** INFORMATION PROVIDED follows **
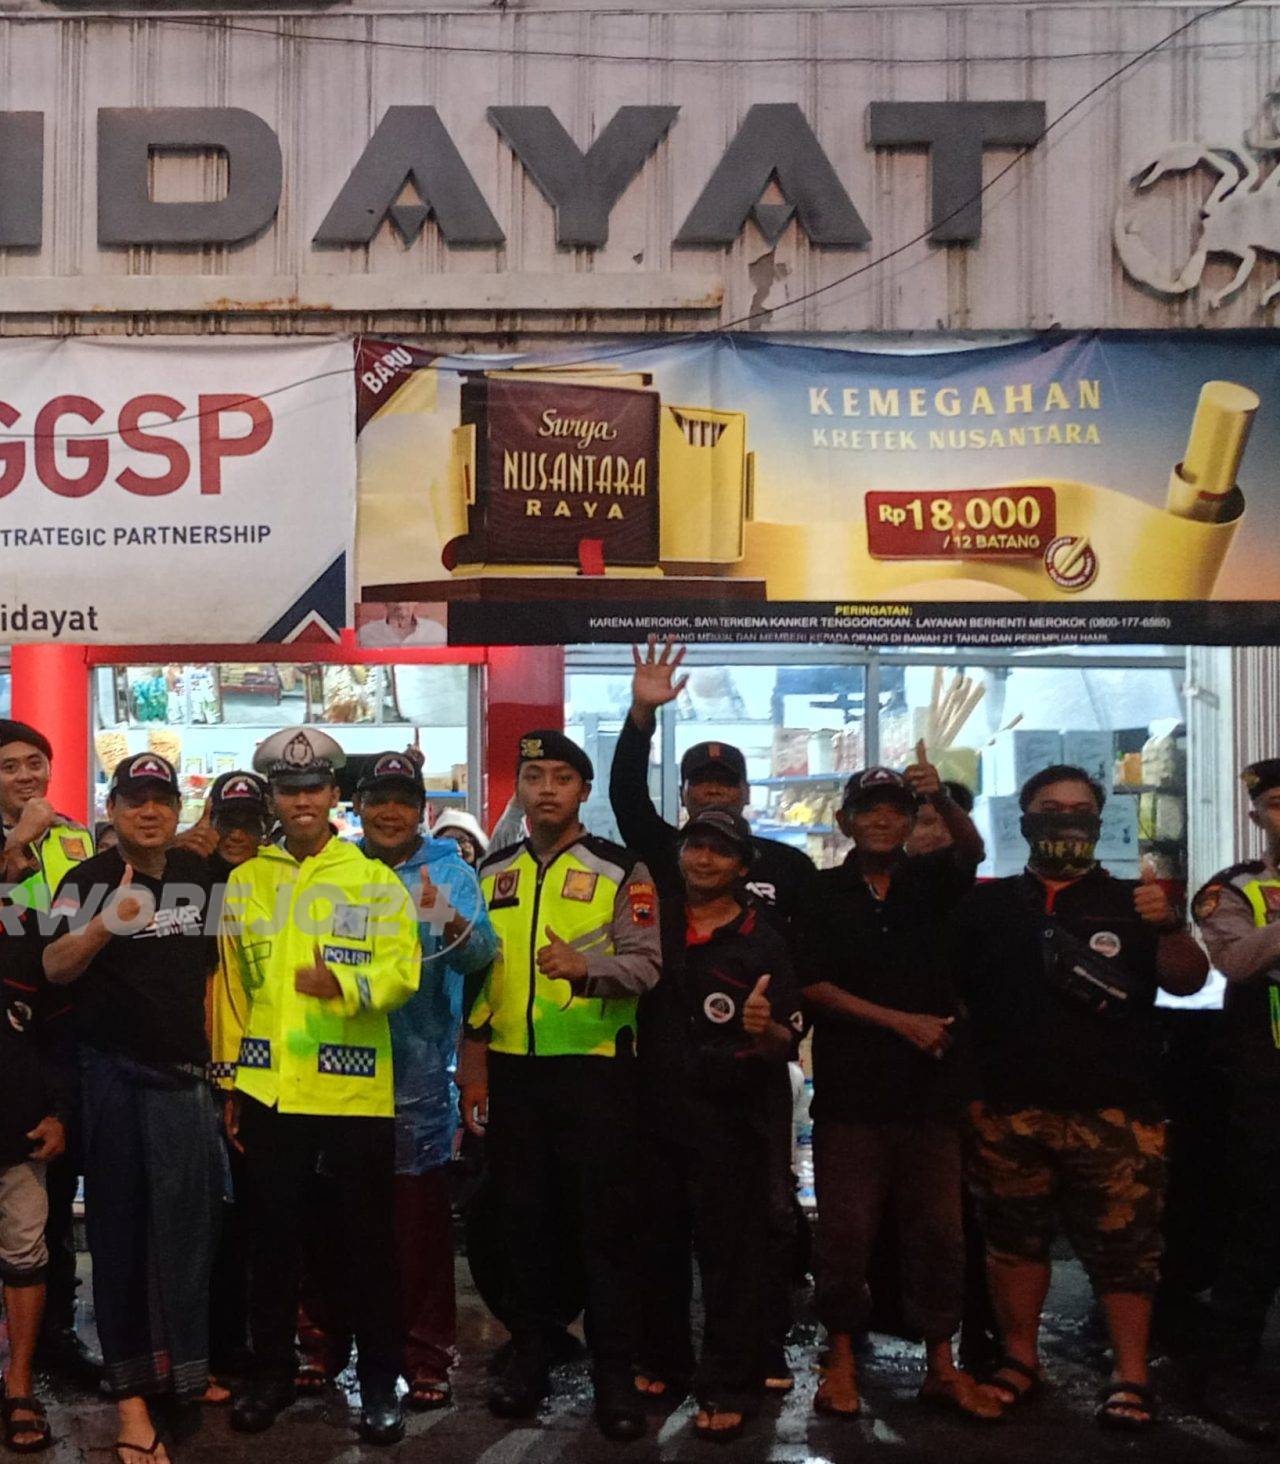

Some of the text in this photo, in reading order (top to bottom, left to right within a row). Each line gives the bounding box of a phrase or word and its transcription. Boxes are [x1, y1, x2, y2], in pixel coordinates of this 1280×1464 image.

[361, 346, 413, 395] BARU
[808, 379, 1103, 417] KEMEGAHAN
[539, 408, 618, 450] Surya
[812, 423, 1102, 452] KRETEK NUSANTARA
[504, 449, 646, 497] NUSANTARA
[526, 498, 625, 520] RAYA
[114, 525, 272, 547] PARTNERSHIP
[954, 535, 972, 549] 12
[976, 534, 1041, 549] BATANG
[590, 616, 634, 628] KARENA
[720, 616, 768, 628] TERKENA
[770, 616, 818, 628] KANKER
[916, 616, 967, 628] LAYANAN
[969, 616, 1026, 628] BERHENTI
[1028, 616, 1086, 628] MEROKOK
[835, 606, 913, 617] PERINGATAN:
[903, 633, 940, 643] BAWAH
[955, 633, 989, 643] TAHUN
[991, 633, 1012, 643] DAN
[324, 946, 371, 964] POLISI
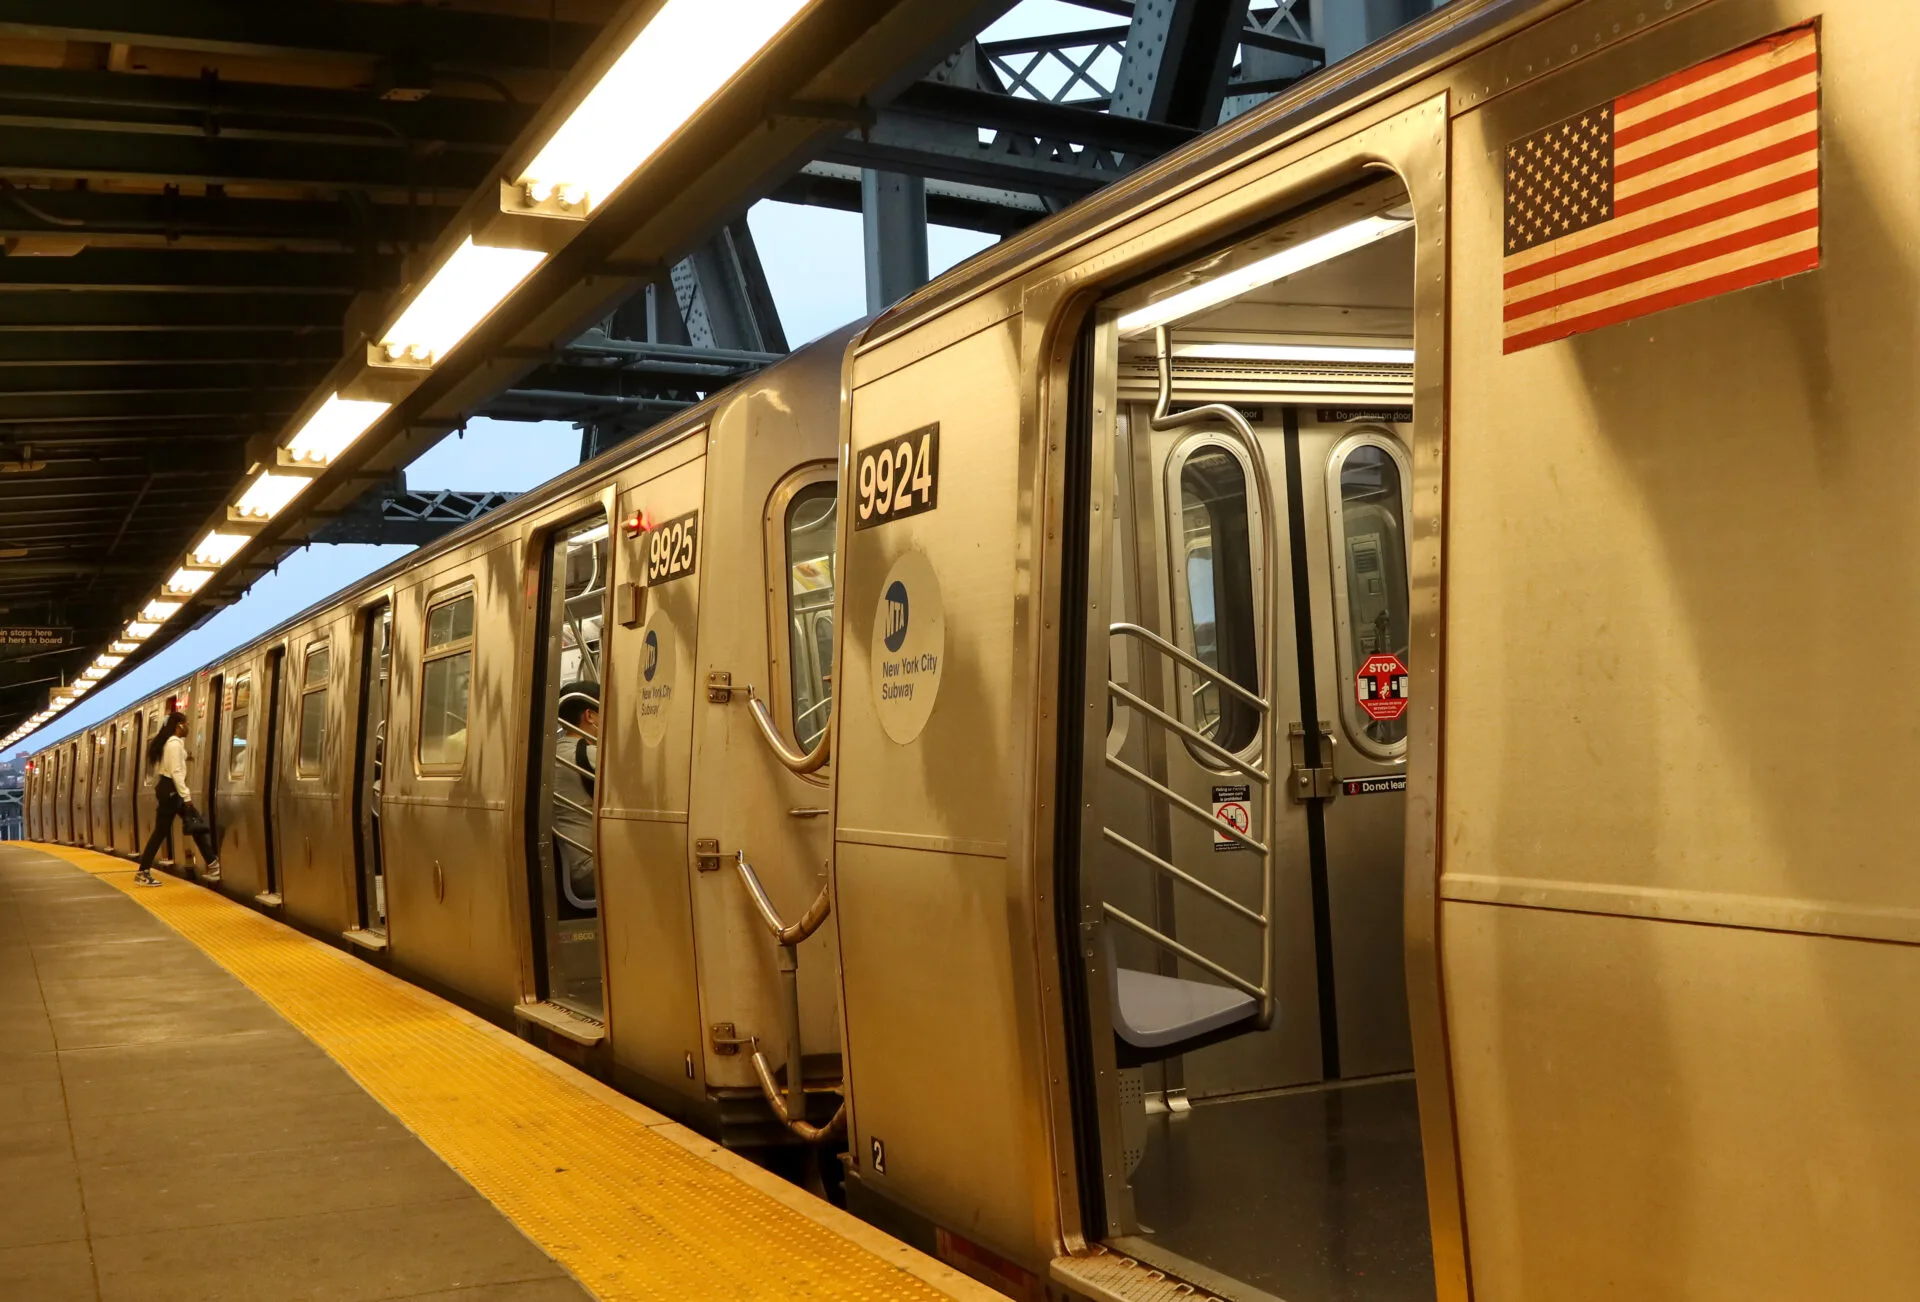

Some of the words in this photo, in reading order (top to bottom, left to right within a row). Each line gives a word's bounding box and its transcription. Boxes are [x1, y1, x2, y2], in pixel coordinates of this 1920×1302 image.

[1336, 411, 1347, 420] Do
[859, 433, 933, 521] 9924
[650, 517, 694, 580] 9925
[885, 600, 905, 638] MTA
[8, 636, 26, 644] here
[40, 636, 63, 644] board
[10, 629, 32, 638] stops
[35, 629, 52, 637] here
[883, 661, 900, 678] New
[901, 657, 919, 675] York
[921, 653, 938, 674] City
[1369, 662, 1397, 673] STOP
[882, 682, 914, 701] Subway
[1362, 782, 1374, 792] Do
[1375, 782, 1389, 790] not
[686, 1052, 692, 1077] 1
[874, 1141, 884, 1172] 2
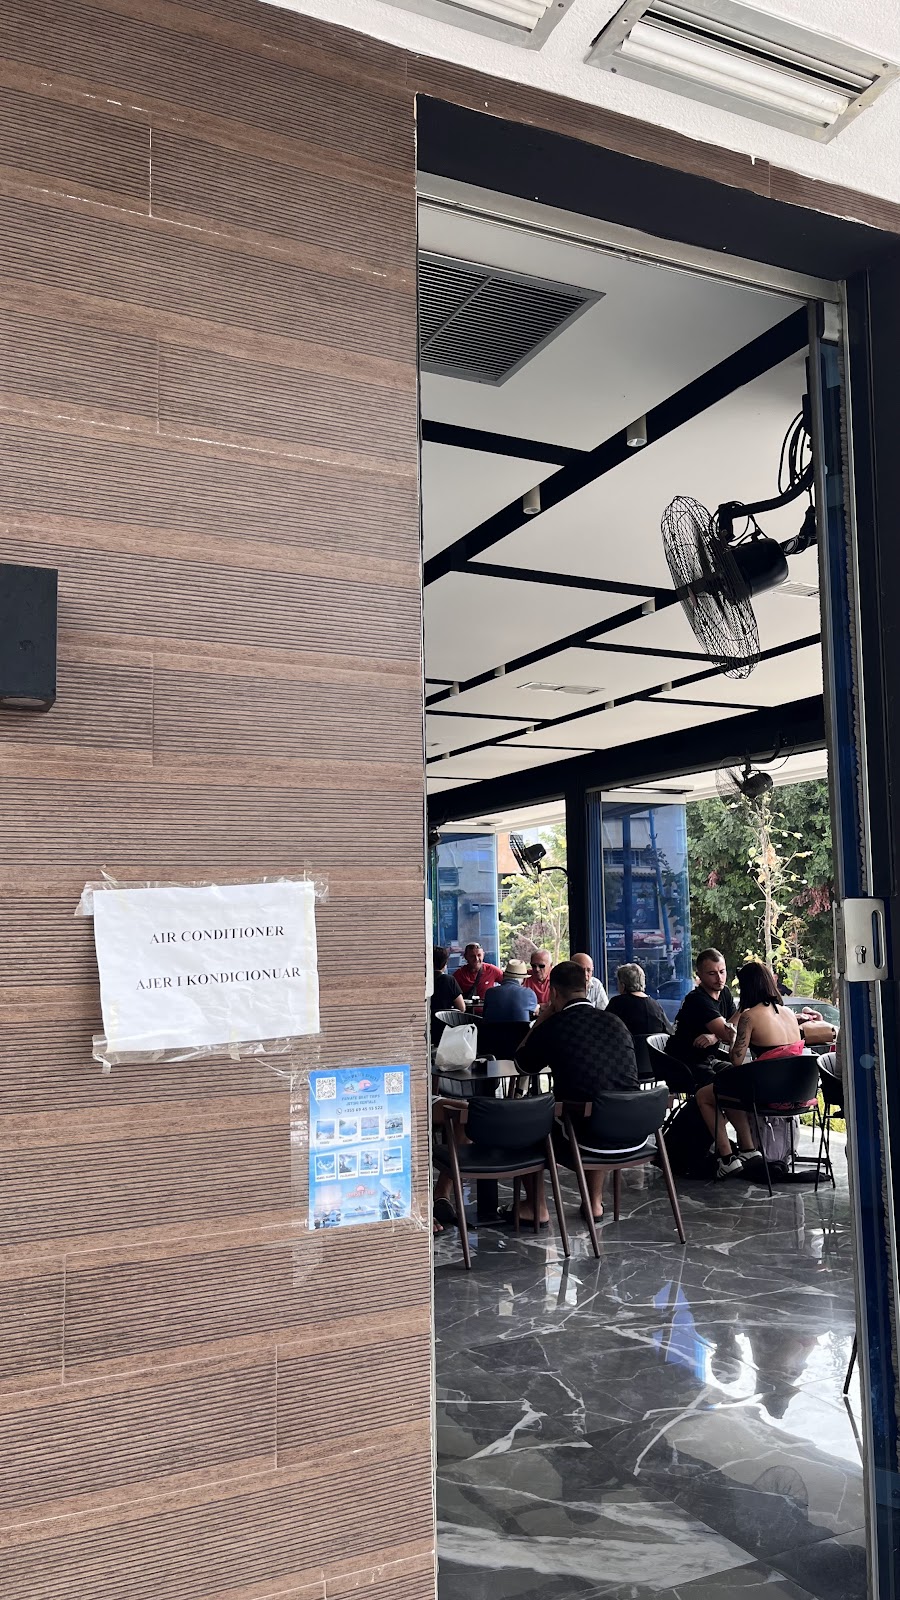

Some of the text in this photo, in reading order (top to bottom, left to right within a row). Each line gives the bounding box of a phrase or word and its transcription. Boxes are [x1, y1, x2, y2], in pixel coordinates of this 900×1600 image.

[149, 925, 285, 944] AIR CONDITIONER
[135, 966, 301, 991] AJER I KONDICIONUAR
** End of INFORMATION PROVIDED **
Starting at the line that contains "this 900×1600 image.", repeat each line exactly through the last one in the listing. Include both of those lines and nothing more.

Some of the text in this photo, in reading order (top to bottom, left to right within a row). Each line gives the bounding box of a phrase or word and its transcription. Boxes are [x1, y1, x2, y2], in pixel coordinates of this 900×1600 image.

[149, 925, 285, 944] AIR CONDITIONER
[135, 966, 301, 991] AJER I KONDICIONUAR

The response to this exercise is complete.